Avec Evariste François-Henri Désérable nous livre le roman d’une vie. Celle du mathématicien Evariste Galois. Loin d’être grise et terne, cette vie se révèle sous la plume du jeune écrivain, fulgurante et flamboyante.
À propos du mathématicien Evariste Galois, génie de l’algèbre, il y eut des essais, des témoignages de contemporains, quelques articles et thèses. Le livre de François-Henri Désérable est le premier roman sur cet individu hors du commun. C’est un roman, oui. Et non une biographie, bien que le texte et son contenu en présentent tous les aspects. Le livre raconte le destin fulgurant et flamboyant de cet Evariste, ses travaux, et met l’accent sur la fougue, la détermination et le talent précoce – à quinze ans, il découvre les mathématiques, à dix-huit, il les révolutionne – du jeune homme. On apprend beaucoup de choses dans ce récit, notamment qu’il meurt en duel à l’âge de 20 ans et que ses équations révolutionnaires sont conservées à l’Académie française.
François-Henri Désérable, en suivant son héros à la trace, raconte l’histoire d’un homme aussi tourmenté que mature, incompris de ses coreligionnaires, très en avance sur son temps, et dont la reconnaissance sera posthume (tout de même). Le roman se déploie avec une vivacité légère ; l’auteur semble passionné par son modèle en lui empruntant sa grâce et ses hauteurs. Avec habileté et nuances, Désérable raconte la fronde et le courage de ce révolté surdoué, depuis son enfance jusqu’à la prison de Sainte-Pélagie.

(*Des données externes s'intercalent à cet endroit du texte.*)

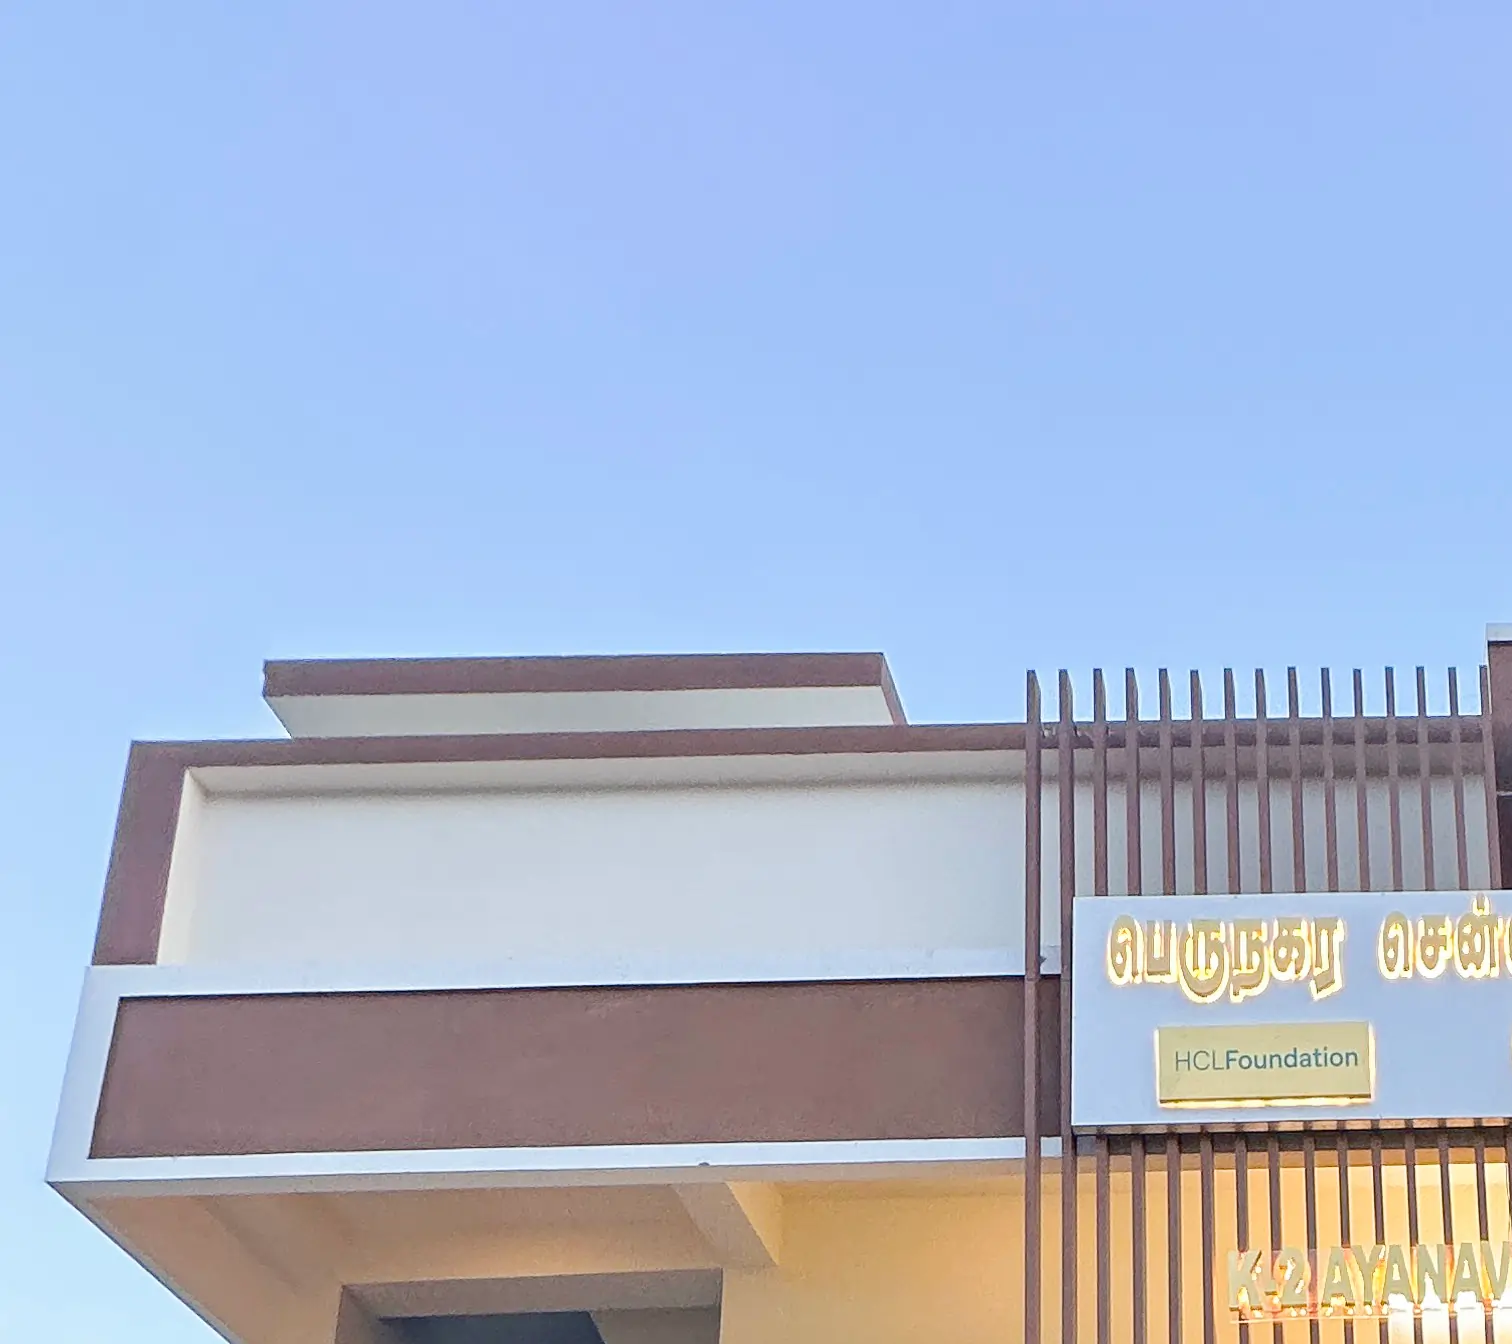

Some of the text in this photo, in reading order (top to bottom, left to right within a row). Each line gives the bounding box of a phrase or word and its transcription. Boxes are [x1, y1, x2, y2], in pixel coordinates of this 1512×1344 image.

[1109, 914, 1342, 1000] பெருநகர
[1175, 1046, 1359, 1071] HCLFoundation
[1229, 1248, 1308, 1310] K-2

Il est souvent question d’apprentissages, de disciplines et l’on entend aussi quelques résistances… Tout est affaire de contexte, nous sommes en juillet 1830.
Ainsi fasciné par les propositions mathématiques de Galois, l’auteur fait scintiller son texte de quelques révérences et savantes comparaisons, aussi bien avec Mozart qu’avec Rimbaud. D’ailleurs, le livre est ceint d’un bandeau rouge qui annonce : « Le Rimbaud des Mathématiques » ce qu’on pourra toujours contester… Toujours est-il qu’attentif et généreux, Désérable déploie avec vivacité et lyrisme de grands effets de manche pour saluer l’Histoire dans toutes ses largeurs et la précocité de son artiste en devenir.
Si on est sensible à la densité et à la luxuriance d’un tel texte (on goûte volontiers la maîtrise du détail, la belle ardeur, les formules qui tintent, la richesse et l’intelligence de la narration), on aime moins les sophismes assez nombreux, les redondances et autres phrases curieusement ampoulées. Mais ce ne sont que des détails, car le projet romanesque est ample et bien abouti. Evariste est intéressant en ce qu’il plonge au cœur d’une époque tumultueuse et féconde. Et le roman vaut avant tout parce qu’il rappelle l’existence de ce héros romantique, de ce génie. Tout simplement.